Stored data entries:
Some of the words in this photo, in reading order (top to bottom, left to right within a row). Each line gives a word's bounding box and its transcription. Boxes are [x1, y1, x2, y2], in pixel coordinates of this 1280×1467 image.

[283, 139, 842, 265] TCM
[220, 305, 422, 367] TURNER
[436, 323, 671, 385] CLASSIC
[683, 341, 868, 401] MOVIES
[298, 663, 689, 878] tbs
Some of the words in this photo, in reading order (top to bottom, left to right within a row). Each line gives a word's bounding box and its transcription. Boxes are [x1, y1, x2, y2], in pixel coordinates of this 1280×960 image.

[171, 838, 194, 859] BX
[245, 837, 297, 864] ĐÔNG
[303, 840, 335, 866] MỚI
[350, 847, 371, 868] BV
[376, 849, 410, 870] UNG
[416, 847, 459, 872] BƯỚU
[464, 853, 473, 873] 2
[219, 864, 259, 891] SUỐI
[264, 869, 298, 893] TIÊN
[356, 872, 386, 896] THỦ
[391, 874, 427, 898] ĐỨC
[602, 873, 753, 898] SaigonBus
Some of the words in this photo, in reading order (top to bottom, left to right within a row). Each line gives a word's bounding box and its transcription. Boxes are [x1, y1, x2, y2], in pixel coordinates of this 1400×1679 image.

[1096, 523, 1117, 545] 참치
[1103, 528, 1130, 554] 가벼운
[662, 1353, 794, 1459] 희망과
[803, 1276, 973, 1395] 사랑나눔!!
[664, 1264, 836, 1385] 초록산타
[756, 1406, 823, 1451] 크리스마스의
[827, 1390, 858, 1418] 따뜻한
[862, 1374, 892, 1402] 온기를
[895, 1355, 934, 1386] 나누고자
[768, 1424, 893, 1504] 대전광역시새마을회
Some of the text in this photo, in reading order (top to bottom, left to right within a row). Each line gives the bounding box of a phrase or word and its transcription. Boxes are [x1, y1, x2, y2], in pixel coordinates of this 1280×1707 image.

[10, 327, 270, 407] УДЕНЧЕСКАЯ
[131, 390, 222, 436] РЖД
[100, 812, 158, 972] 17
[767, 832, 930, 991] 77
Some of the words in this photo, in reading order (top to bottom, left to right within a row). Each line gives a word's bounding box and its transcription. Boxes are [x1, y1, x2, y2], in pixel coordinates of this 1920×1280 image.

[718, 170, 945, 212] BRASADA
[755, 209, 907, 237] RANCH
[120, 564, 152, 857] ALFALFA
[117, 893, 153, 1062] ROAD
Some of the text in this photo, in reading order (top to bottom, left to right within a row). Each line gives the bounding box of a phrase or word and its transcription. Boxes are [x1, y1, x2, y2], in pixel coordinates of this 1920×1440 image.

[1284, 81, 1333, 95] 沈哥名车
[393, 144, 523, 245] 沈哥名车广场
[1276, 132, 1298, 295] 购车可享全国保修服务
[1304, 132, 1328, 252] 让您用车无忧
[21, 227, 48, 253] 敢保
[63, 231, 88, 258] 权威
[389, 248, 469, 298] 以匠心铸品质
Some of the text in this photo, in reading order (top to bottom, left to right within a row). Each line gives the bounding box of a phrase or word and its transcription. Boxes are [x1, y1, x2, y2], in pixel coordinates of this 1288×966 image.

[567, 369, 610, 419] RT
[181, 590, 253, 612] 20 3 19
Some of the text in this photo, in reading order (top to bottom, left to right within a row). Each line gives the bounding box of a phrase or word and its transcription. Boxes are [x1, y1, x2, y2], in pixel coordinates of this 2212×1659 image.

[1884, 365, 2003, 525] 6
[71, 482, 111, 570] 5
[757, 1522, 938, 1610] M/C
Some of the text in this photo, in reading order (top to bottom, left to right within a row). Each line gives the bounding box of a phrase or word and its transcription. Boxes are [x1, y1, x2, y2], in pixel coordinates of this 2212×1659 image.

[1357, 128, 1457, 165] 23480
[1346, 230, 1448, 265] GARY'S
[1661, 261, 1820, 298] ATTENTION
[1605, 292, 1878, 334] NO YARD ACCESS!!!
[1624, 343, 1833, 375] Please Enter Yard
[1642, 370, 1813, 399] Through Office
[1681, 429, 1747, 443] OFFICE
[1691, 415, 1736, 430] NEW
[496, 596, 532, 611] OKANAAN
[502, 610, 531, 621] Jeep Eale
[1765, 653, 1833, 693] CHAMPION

## WORK TO COMPLETE:
The answer should reproduce each entry above in full.

## TASK RESPONSE:
Some of the words in this photo, in reading order (top to bottom, left to right within a row). Each line gives a word's bounding box and its transcription. Boxes are [x1, y1, x2, y2], in pixel coordinates of this 1280×1467 image.

[283, 139, 842, 265] TCM
[220, 305, 422, 367] TURNER
[436, 323, 671, 385] CLASSIC
[683, 341, 868, 401] MOVIES
[298, 663, 689, 878] tbs
Some of the words in this photo, in reading order (top to bottom, left to right within a row). Each line gives a word's bounding box and its transcription. Boxes are [x1, y1, x2, y2], in pixel coordinates of this 1280×960 image.

[171, 838, 194, 859] BX
[245, 837, 297, 864] ĐÔNG
[303, 840, 335, 866] MỚI
[350, 847, 371, 868] BV
[376, 849, 410, 870] UNG
[416, 847, 459, 872] BƯỚU
[464, 853, 473, 873] 2
[219, 864, 259, 891] SUỐI
[264, 869, 298, 893] TIÊN
[356, 872, 386, 896] THỦ
[391, 874, 427, 898] ĐỨC
[602, 873, 753, 898] SaigonBus
Some of the words in this photo, in reading order (top to bottom, left to right within a row). Each line gives a word's bounding box and its transcription. Boxes are [x1, y1, x2, y2], in pixel coordinates of this 1400×1679 image.

[1096, 523, 1117, 545] 참치
[1103, 528, 1130, 554] 가벼운
[662, 1353, 794, 1459] 희망과
[803, 1276, 973, 1395] 사랑나눔!!
[664, 1264, 836, 1385] 초록산타
[756, 1406, 823, 1451] 크리스마스의
[827, 1390, 858, 1418] 따뜻한
[862, 1374, 892, 1402] 온기를
[895, 1355, 934, 1386] 나누고자
[768, 1424, 893, 1504] 대전광역시새마을회
Some of the text in this photo, in reading order (top to bottom, left to right within a row). Each line gives the bounding box of a phrase or word and its transcription. Boxes are [x1, y1, x2, y2], in pixel coordinates of this 1280×1707 image.

[10, 327, 270, 407] УДЕНЧЕСКАЯ
[131, 390, 222, 436] РЖД
[100, 812, 158, 972] 17
[767, 832, 930, 991] 77
Some of the words in this photo, in reading order (top to bottom, left to right within a row). Each line gives a word's bounding box and its transcription. Boxes are [x1, y1, x2, y2], in pixel coordinates of this 1920×1280 image.

[718, 170, 945, 212] BRASADA
[755, 209, 907, 237] RANCH
[120, 564, 152, 857] ALFALFA
[117, 893, 153, 1062] ROAD
Some of the text in this photo, in reading order (top to bottom, left to right within a row). Each line gives the bounding box of a phrase or word and its transcription. Boxes are [x1, y1, x2, y2], in pixel coordinates of this 1920×1440 image.

[1284, 81, 1333, 95] 沈哥名车
[393, 144, 523, 245] 沈哥名车广场
[1276, 132, 1298, 295] 购车可享全国保修服务
[1304, 132, 1328, 252] 让您用车无忧
[21, 227, 48, 253] 敢保
[63, 231, 88, 258] 权威
[389, 248, 469, 298] 以匠心铸品质
Some of the text in this photo, in reading order (top to bottom, left to right within a row). Each line gives the bounding box of a phrase or word and its transcription. Boxes are [x1, y1, x2, y2], in pixel coordinates of this 1288×966 image.

[567, 369, 610, 419] RT
[181, 590, 253, 612] 20 3 19
Some of the text in this photo, in reading order (top to bottom, left to right within a row). Each line gives the bounding box of a phrase or word and its transcription. Boxes are [x1, y1, x2, y2], in pixel coordinates of this 2212×1659 image.

[1884, 365, 2003, 525] 6
[71, 482, 111, 570] 5
[757, 1522, 938, 1610] M/C
Some of the text in this photo, in reading order (top to bottom, left to right within a row). Each line gives the bounding box of a phrase or word and its transcription. Boxes are [x1, y1, x2, y2], in pixel coordinates of this 2212×1659 image.

[1357, 128, 1457, 165] 23480
[1346, 230, 1448, 265] GARY'S
[1661, 261, 1820, 298] ATTENTION
[1605, 292, 1878, 334] NO YARD ACCESS!!!
[1624, 343, 1833, 375] Please Enter Yard
[1642, 370, 1813, 399] Through Office
[1681, 429, 1747, 443] OFFICE
[1691, 415, 1736, 430] NEW
[496, 596, 532, 611] OKANAAN
[502, 610, 531, 621] Jeep Eale
[1765, 653, 1833, 693] CHAMPION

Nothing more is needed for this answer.